Data extracted from a collection
▽

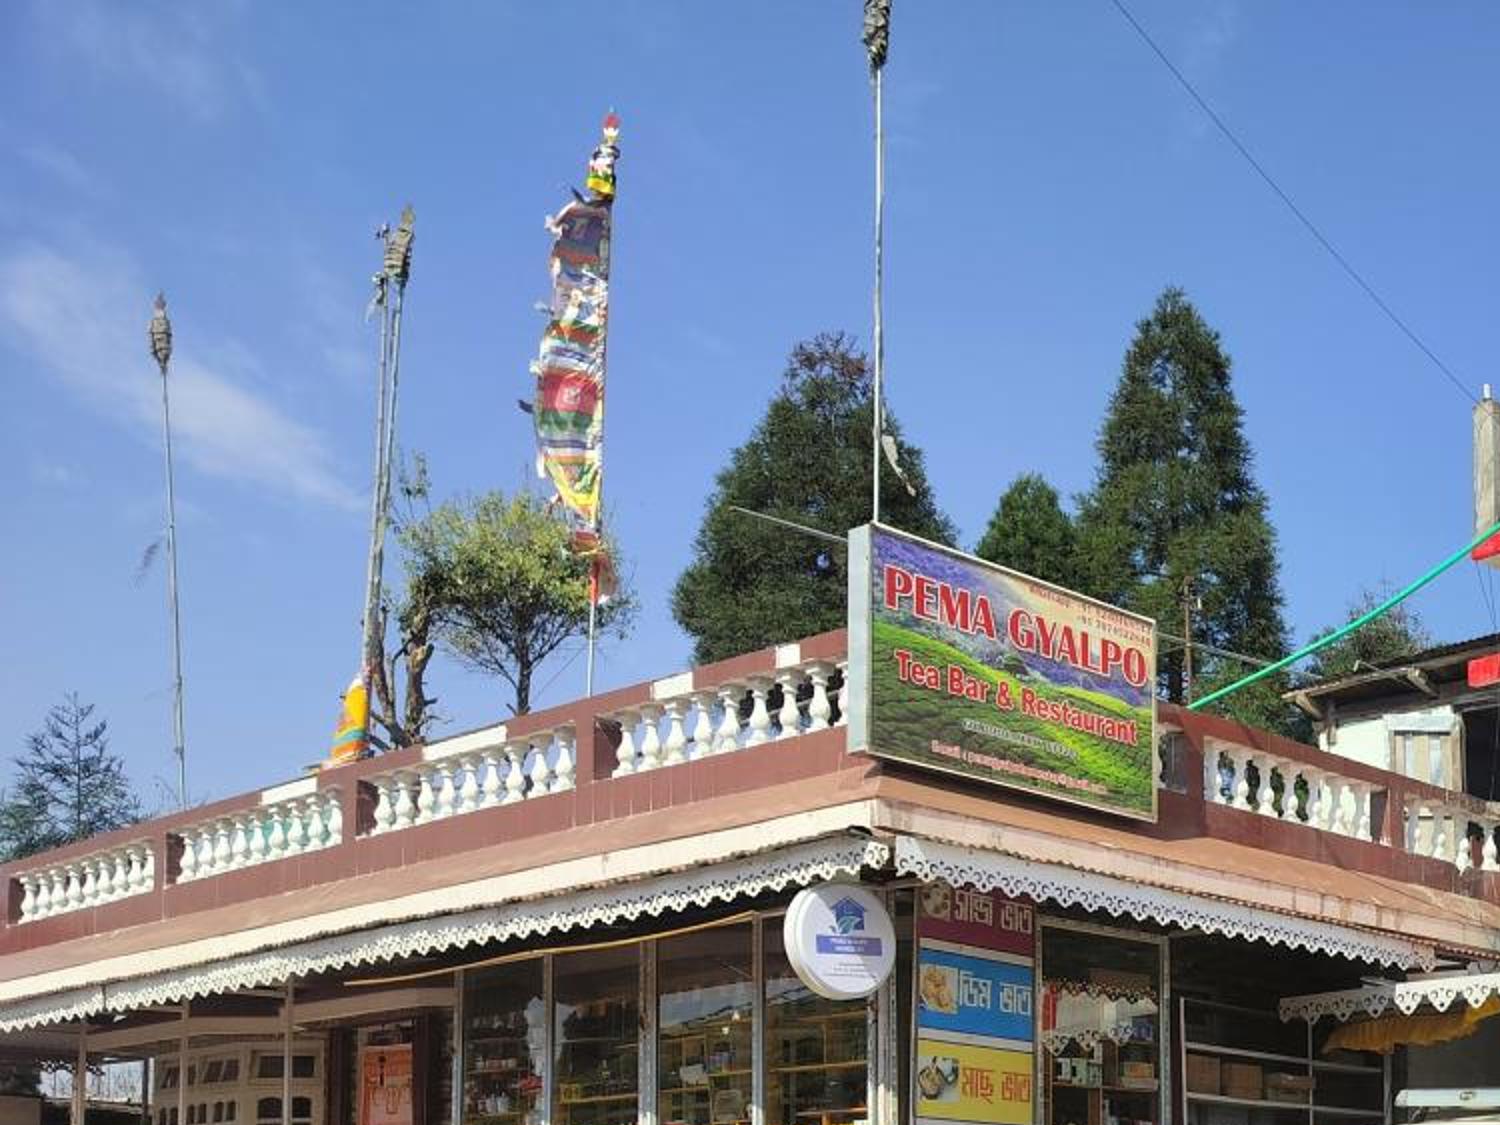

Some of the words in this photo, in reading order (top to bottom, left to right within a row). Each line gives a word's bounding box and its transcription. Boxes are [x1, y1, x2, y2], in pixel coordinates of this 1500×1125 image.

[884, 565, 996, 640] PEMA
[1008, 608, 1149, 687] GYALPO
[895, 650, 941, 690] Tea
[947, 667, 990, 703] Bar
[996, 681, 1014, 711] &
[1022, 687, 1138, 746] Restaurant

△

▶ [TASK STATEMENT]: Reproduce all the data as it stands. The pictures are not part of the copy.

▶ [ANSWER]:
Some of the words in this photo, in reading order (top to bottom, left to right within a row). Each line gives a word's bounding box and its transcription. Boxes are [x1, y1, x2, y2], in pixel coordinates of this 1500×1125 image.

[884, 565, 996, 640] PEMA
[1008, 608, 1149, 687] GYALPO
[895, 650, 941, 690] Tea
[947, 667, 990, 703] Bar
[996, 681, 1014, 711] &
[1022, 687, 1138, 746] Restaurant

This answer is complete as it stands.